I have to be honest; I was actually gobsmacked to read some of the negative comments that you all received. Some of them really were shocking. I received so many DM’s from you reacting in disbelief at some of them as well. So, it was good to see that we were all on the page! Here are just a handful of the examples:

  • “It’s not like you have to take care of her, you’re really lucky the nurses do it all.”
  • “Maybe next time, you can be more careful to avoid the NICU.”
  • “Now when baby is home somone told me to ‘get over it’ and ‘get on with it’”
  • “At least there’s nothing wrong with his brain.”
  • “When will you know if he has problems?”

Now, I like to say that people mean well. And I’m sure that deep down, these comments weren’t made to come across in the way that perhaps they did. But it does not always translate does it? Not that I’m excusing some of these comments – they really are something awful. It genuinely makes me so sad that some of you were subjected hearing them during what I can only assume, may have been the toughest times of your lives. 

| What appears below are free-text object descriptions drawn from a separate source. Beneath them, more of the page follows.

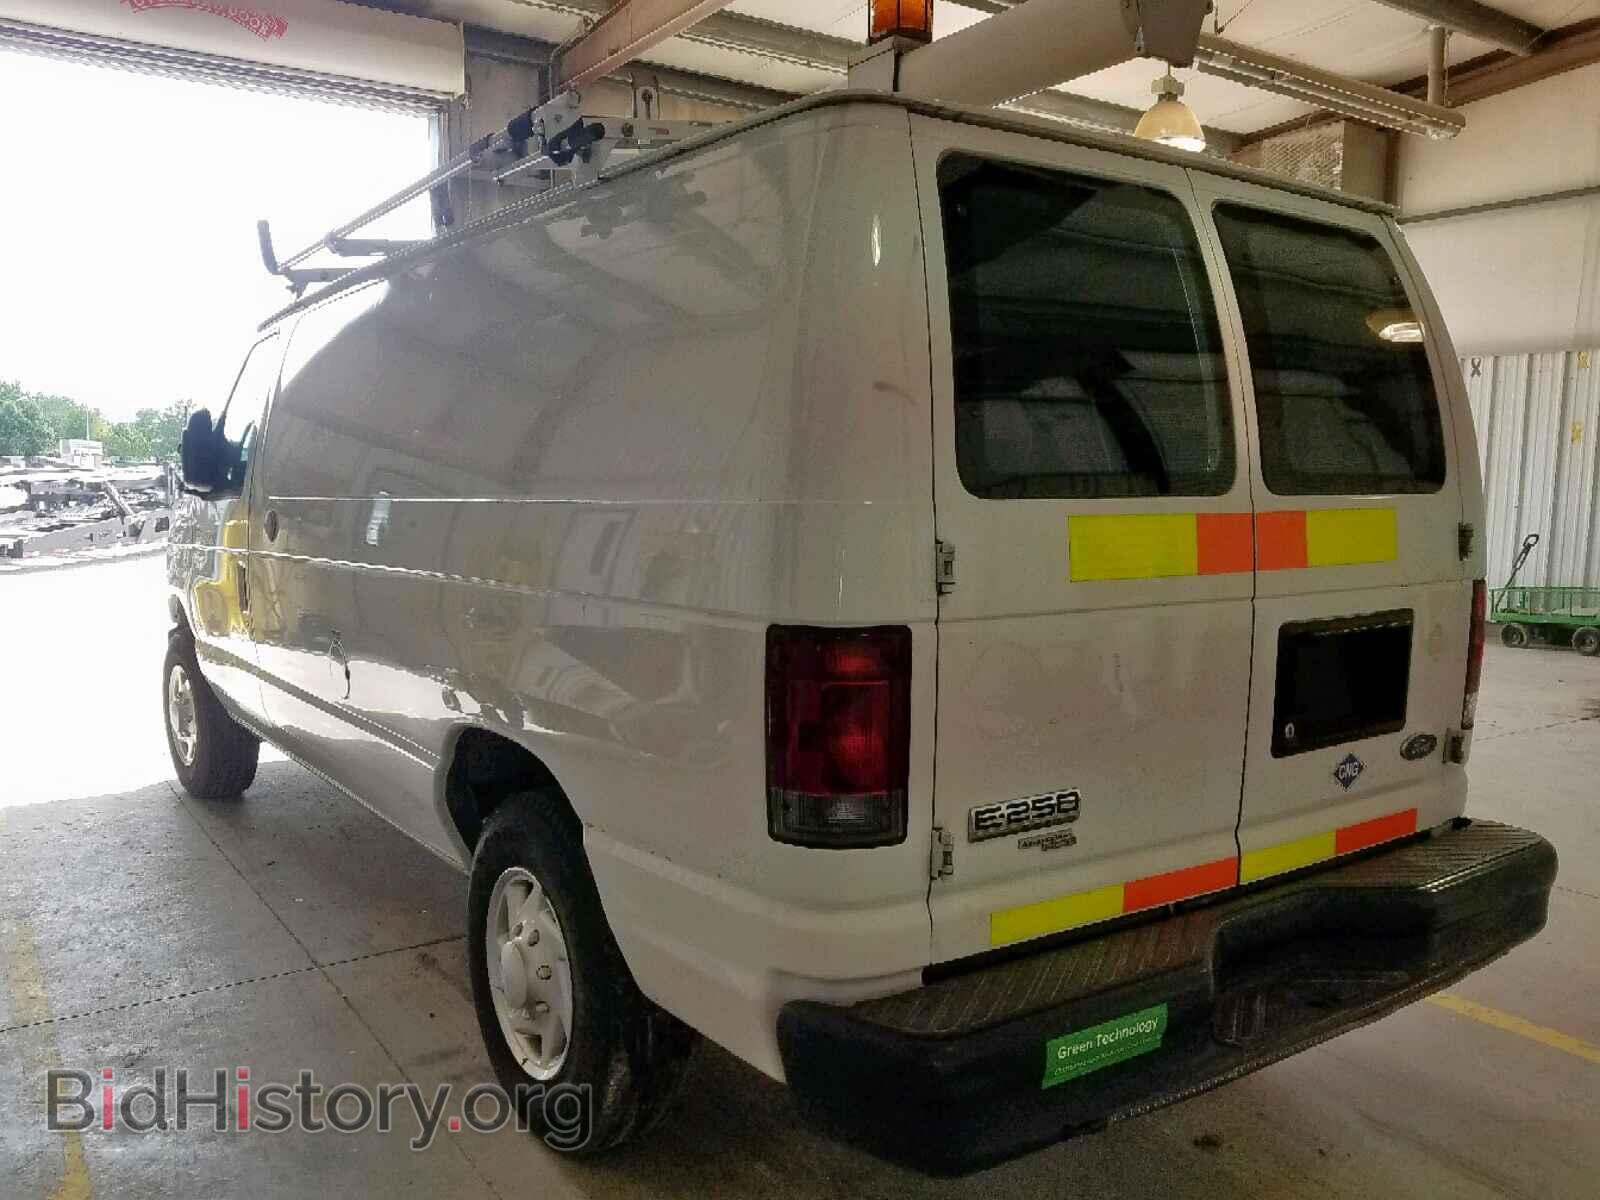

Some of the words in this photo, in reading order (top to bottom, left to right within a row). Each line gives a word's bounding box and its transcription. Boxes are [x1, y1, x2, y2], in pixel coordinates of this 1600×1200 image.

[1338, 761, 1360, 780] CNG
[1057, 1040, 1093, 1059] Green
[1096, 1016, 1159, 1047] Technology
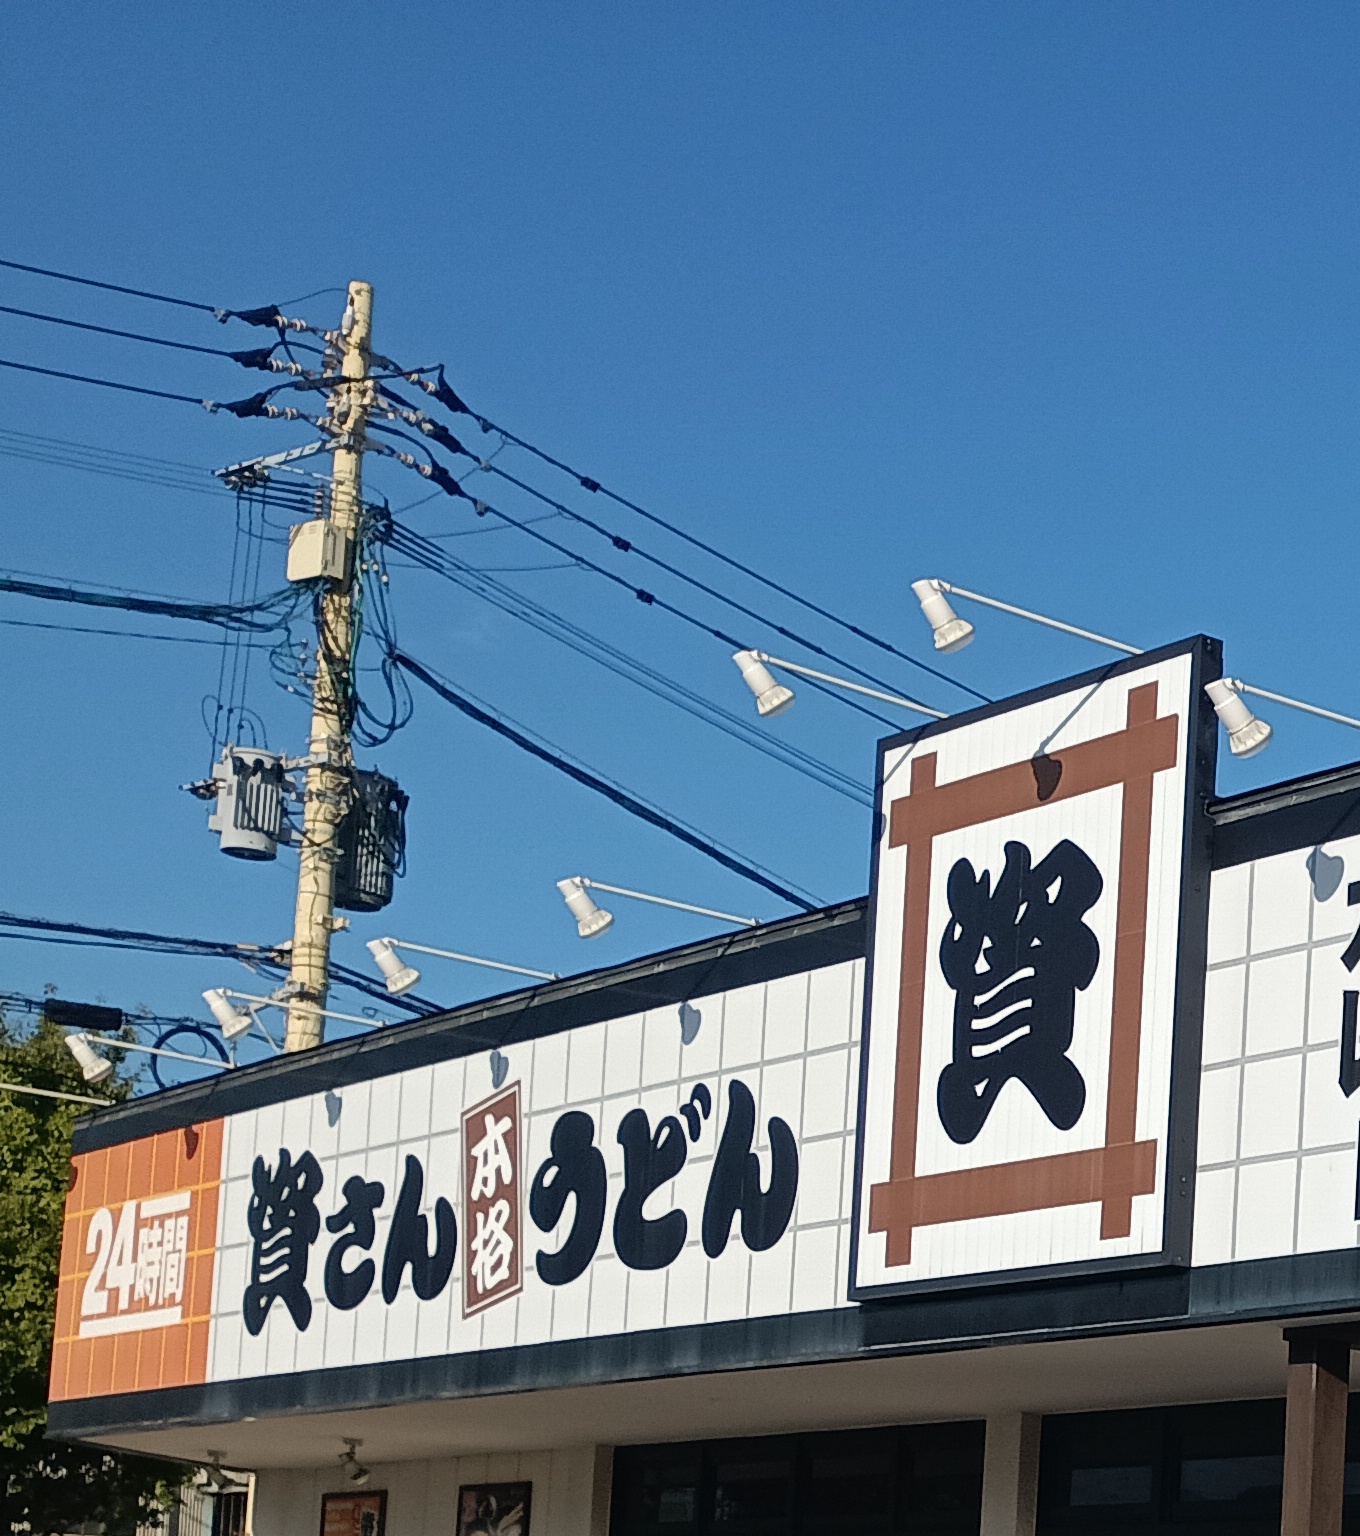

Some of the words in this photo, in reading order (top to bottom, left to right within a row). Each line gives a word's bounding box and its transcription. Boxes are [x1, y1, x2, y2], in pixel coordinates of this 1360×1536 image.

[936, 839, 1104, 1145] 資
[82, 1201, 189, 1316] 24時間
[243, 1147, 457, 1336] 資さん
[470, 1113, 512, 1295] 本格
[529, 1079, 799, 1286] うどん

Personally, I feel that because of the lack of awareness of the NICU in general, I think that this correlates to the lack of understanding of what it means to be in there with your baby, and how it can make you feel, short and long term. I guess, if people don’t have an understanding of it, how can we expect them to know what the right thing to say is? The NICU is a totally alien concept to some people.

Your Advice for future NICU Parents.

I could not finish this blog on a negative footing. And so, I asked you all for your advice for future parents, as after all, a few of you commented that the best comments came from Parents who had already been through the NICU. So, who better to ask for advice than fellow NICU parents! Here are some of the pieces of advice that you sent in:

  • “Take it one day at a time.”
  • “Be kind to yourself, rest when you can, eat when you can and celebrate every little milestone.”
  • “Ask to be involved – the nurses will show you how to change a nappy and dress baby etc.”
  • “Don’t be too hard on yourself – this is a tough journey, but you will get through it.”
  • “Give yourself time to let your true emotions out because they will come out eventually.”

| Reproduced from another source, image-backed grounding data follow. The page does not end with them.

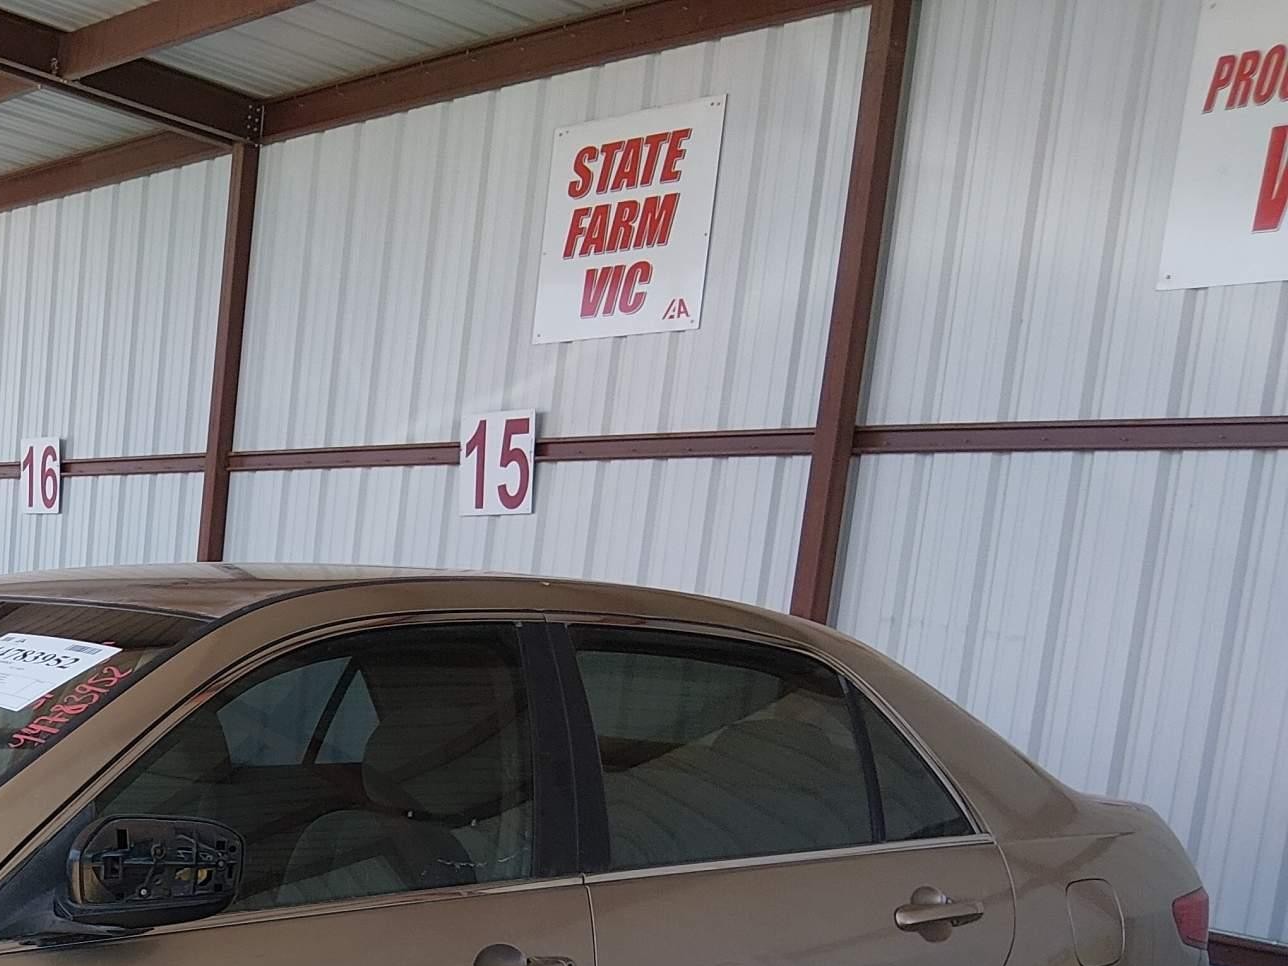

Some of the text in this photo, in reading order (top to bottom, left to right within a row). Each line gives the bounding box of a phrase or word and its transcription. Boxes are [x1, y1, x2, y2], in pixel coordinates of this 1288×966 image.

[568, 128, 693, 200] STATE
[562, 193, 680, 260] FARM
[580, 260, 653, 319] VIC
[22, 445, 58, 509] 16
[465, 417, 530, 510] 15

I wish these were things I knew about when we were in the NICU with T. I’m adamant, they would have made a difference. I was quite shy with the nurses to begin with, I wish I had asked to be involved more in the beginning as it would have done me the world of good, but it was better late than never.

Self-care – I know I mention this quite a bit but it’s something to be taken seriously. It is so easy to forget that you need to take care of yourself, and your partner, because neither of you will be of any use to your baby if you’re not looking after yourself properly. Take yourself home earlier than normal one evening, have that long bath and catch up on something on Netflix. It is allowed. It doesn’t mean you don’t care about your baby – it’s as much for their benefit as it is yours.

Be patient with yourself. Allow yourself to feel the emotions that you do – don’t hide from them. You’re allowed to be sad, angry, or frustrated – to name but a few! It can be, a total emotional rollercoaster at times, and that is ok. It’s ok not to be ok!